*THE TASK*: Write all of the entries out again exactly.

[Saved data entries]
↓

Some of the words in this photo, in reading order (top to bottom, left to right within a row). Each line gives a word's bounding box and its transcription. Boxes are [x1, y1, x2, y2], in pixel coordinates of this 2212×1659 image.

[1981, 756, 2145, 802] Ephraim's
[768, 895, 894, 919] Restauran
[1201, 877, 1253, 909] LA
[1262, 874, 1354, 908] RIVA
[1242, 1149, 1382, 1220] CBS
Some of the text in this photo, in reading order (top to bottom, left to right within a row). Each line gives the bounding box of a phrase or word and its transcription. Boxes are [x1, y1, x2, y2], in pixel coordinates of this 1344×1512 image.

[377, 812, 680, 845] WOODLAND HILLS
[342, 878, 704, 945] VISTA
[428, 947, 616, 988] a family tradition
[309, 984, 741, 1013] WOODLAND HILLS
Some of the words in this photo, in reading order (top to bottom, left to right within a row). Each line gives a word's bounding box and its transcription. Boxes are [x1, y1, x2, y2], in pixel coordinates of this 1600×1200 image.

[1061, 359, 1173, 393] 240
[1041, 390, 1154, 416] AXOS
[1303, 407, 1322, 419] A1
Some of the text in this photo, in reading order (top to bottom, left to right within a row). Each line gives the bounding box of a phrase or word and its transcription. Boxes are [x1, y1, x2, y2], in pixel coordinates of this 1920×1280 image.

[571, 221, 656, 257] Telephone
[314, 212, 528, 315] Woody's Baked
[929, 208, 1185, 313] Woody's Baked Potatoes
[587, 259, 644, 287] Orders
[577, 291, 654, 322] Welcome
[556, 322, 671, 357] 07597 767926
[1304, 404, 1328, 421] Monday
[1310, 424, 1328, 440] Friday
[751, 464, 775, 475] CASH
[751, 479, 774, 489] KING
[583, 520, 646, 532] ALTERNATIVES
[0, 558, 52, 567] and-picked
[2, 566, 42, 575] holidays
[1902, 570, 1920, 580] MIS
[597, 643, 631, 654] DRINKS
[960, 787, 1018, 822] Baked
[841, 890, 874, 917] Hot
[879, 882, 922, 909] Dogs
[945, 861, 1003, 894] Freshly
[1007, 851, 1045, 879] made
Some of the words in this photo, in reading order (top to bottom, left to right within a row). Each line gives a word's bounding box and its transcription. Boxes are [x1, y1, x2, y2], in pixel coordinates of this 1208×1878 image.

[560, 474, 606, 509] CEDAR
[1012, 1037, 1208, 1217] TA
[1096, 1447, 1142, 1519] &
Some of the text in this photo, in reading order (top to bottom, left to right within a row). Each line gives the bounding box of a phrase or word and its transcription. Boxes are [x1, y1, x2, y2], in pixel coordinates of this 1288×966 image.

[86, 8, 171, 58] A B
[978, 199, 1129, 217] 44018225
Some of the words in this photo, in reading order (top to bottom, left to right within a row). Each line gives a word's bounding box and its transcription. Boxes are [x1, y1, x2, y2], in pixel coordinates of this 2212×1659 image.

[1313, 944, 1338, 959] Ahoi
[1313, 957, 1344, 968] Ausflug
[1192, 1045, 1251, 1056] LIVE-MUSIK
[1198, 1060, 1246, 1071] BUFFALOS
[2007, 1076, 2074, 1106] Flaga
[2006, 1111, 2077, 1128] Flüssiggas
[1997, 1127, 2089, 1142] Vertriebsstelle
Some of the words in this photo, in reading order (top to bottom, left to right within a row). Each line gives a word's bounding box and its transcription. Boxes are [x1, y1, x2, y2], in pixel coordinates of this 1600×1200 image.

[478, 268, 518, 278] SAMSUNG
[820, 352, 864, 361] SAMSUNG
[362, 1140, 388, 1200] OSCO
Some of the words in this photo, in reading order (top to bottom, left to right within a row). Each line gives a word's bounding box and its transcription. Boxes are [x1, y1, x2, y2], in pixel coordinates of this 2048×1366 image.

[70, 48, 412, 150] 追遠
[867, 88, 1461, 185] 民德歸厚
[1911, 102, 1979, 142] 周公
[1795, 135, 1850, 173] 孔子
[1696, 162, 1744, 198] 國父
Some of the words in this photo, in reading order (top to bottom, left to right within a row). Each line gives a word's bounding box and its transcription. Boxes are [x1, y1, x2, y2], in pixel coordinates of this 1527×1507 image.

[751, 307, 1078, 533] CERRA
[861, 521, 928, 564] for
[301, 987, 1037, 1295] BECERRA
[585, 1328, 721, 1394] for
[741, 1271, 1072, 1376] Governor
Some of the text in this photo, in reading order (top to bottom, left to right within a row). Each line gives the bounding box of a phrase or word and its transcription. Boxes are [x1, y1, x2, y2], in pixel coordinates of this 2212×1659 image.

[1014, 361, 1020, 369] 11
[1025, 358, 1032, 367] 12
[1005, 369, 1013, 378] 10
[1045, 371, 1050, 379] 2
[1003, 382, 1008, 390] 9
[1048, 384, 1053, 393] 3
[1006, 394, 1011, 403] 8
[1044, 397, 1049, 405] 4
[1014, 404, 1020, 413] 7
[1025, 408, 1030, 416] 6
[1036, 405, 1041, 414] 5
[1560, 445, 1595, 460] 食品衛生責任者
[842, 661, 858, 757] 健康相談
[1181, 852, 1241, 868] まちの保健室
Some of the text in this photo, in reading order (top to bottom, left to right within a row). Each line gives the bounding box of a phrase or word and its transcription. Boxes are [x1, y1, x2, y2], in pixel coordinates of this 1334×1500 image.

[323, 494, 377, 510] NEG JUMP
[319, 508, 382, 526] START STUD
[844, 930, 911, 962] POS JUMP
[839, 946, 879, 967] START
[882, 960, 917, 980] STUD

↑

*ANSWER TO THE PROBLEM*:
Some of the words in this photo, in reading order (top to bottom, left to right within a row). Each line gives a word's bounding box and its transcription. Boxes are [x1, y1, x2, y2], in pixel coordinates of this 2212×1659 image.

[1981, 756, 2145, 802] Ephraim's
[768, 895, 894, 919] Restauran
[1201, 877, 1253, 909] LA
[1262, 874, 1354, 908] RIVA
[1242, 1149, 1382, 1220] CBS
Some of the text in this photo, in reading order (top to bottom, left to right within a row). Each line gives the bounding box of a phrase or word and its transcription. Boxes are [x1, y1, x2, y2], in pixel coordinates of this 1344×1512 image.

[377, 812, 680, 845] WOODLAND HILLS
[342, 878, 704, 945] VISTA
[428, 947, 616, 988] a family tradition
[309, 984, 741, 1013] WOODLAND HILLS
Some of the words in this photo, in reading order (top to bottom, left to right within a row). Each line gives a word's bounding box and its transcription. Boxes are [x1, y1, x2, y2], in pixel coordinates of this 1600×1200 image.

[1061, 359, 1173, 393] 240
[1041, 390, 1154, 416] AXOS
[1303, 407, 1322, 419] A1
Some of the text in this photo, in reading order (top to bottom, left to right within a row). Each line gives the bounding box of a phrase or word and its transcription. Boxes are [x1, y1, x2, y2], in pixel coordinates of this 1920×1280 image.

[571, 221, 656, 257] Telephone
[314, 212, 528, 315] Woody's Baked
[929, 208, 1185, 313] Woody's Baked Potatoes
[587, 259, 644, 287] Orders
[577, 291, 654, 322] Welcome
[556, 322, 671, 357] 07597 767926
[1304, 404, 1328, 421] Monday
[1310, 424, 1328, 440] Friday
[751, 464, 775, 475] CASH
[751, 479, 774, 489] KING
[583, 520, 646, 532] ALTERNATIVES
[0, 558, 52, 567] and-picked
[2, 566, 42, 575] holidays
[1902, 570, 1920, 580] MIS
[597, 643, 631, 654] DRINKS
[960, 787, 1018, 822] Baked
[841, 890, 874, 917] Hot
[879, 882, 922, 909] Dogs
[945, 861, 1003, 894] Freshly
[1007, 851, 1045, 879] made
Some of the words in this photo, in reading order (top to bottom, left to right within a row). Each line gives a word's bounding box and its transcription. Boxes are [x1, y1, x2, y2], in pixel coordinates of this 1208×1878 image.

[560, 474, 606, 509] CEDAR
[1012, 1037, 1208, 1217] TA
[1096, 1447, 1142, 1519] &
Some of the text in this photo, in reading order (top to bottom, left to right within a row). Each line gives the bounding box of a phrase or word and its transcription. Boxes are [x1, y1, x2, y2], in pixel coordinates of this 1288×966 image.

[86, 8, 171, 58] A B
[978, 199, 1129, 217] 44018225
Some of the words in this photo, in reading order (top to bottom, left to right within a row). Each line gives a word's bounding box and its transcription. Boxes are [x1, y1, x2, y2], in pixel coordinates of this 2212×1659 image.

[1313, 944, 1338, 959] Ahoi
[1313, 957, 1344, 968] Ausflug
[1192, 1045, 1251, 1056] LIVE-MUSIK
[1198, 1060, 1246, 1071] BUFFALOS
[2007, 1076, 2074, 1106] Flaga
[2006, 1111, 2077, 1128] Flüssiggas
[1997, 1127, 2089, 1142] Vertriebsstelle
Some of the words in this photo, in reading order (top to bottom, left to right within a row). Each line gives a word's bounding box and its transcription. Boxes are [x1, y1, x2, y2], in pixel coordinates of this 1600×1200 image.

[478, 268, 518, 278] SAMSUNG
[820, 352, 864, 361] SAMSUNG
[362, 1140, 388, 1200] OSCO
Some of the words in this photo, in reading order (top to bottom, left to right within a row). Each line gives a word's bounding box and its transcription. Boxes are [x1, y1, x2, y2], in pixel coordinates of this 2048×1366 image.

[70, 48, 412, 150] 追遠
[867, 88, 1461, 185] 民德歸厚
[1911, 102, 1979, 142] 周公
[1795, 135, 1850, 173] 孔子
[1696, 162, 1744, 198] 國父
Some of the words in this photo, in reading order (top to bottom, left to right within a row). Each line gives a word's bounding box and its transcription. Boxes are [x1, y1, x2, y2], in pixel coordinates of this 1527×1507 image.

[751, 307, 1078, 533] CERRA
[861, 521, 928, 564] for
[301, 987, 1037, 1295] BECERRA
[585, 1328, 721, 1394] for
[741, 1271, 1072, 1376] Governor
Some of the text in this photo, in reading order (top to bottom, left to right within a row). Each line gives the bounding box of a phrase or word and its transcription. Boxes are [x1, y1, x2, y2], in pixel coordinates of this 2212×1659 image.

[1014, 361, 1020, 369] 11
[1025, 358, 1032, 367] 12
[1005, 369, 1013, 378] 10
[1045, 371, 1050, 379] 2
[1003, 382, 1008, 390] 9
[1048, 384, 1053, 393] 3
[1006, 394, 1011, 403] 8
[1044, 397, 1049, 405] 4
[1014, 404, 1020, 413] 7
[1025, 408, 1030, 416] 6
[1036, 405, 1041, 414] 5
[1560, 445, 1595, 460] 食品衛生責任者
[842, 661, 858, 757] 健康相談
[1181, 852, 1241, 868] まちの保健室
Some of the text in this photo, in reading order (top to bottom, left to right within a row). Each line gives the bounding box of a phrase or word and its transcription. Boxes are [x1, y1, x2, y2], in pixel coordinates of this 1334×1500 image.

[323, 494, 377, 510] NEG JUMP
[319, 508, 382, 526] START STUD
[844, 930, 911, 962] POS JUMP
[839, 946, 879, 967] START
[882, 960, 917, 980] STUD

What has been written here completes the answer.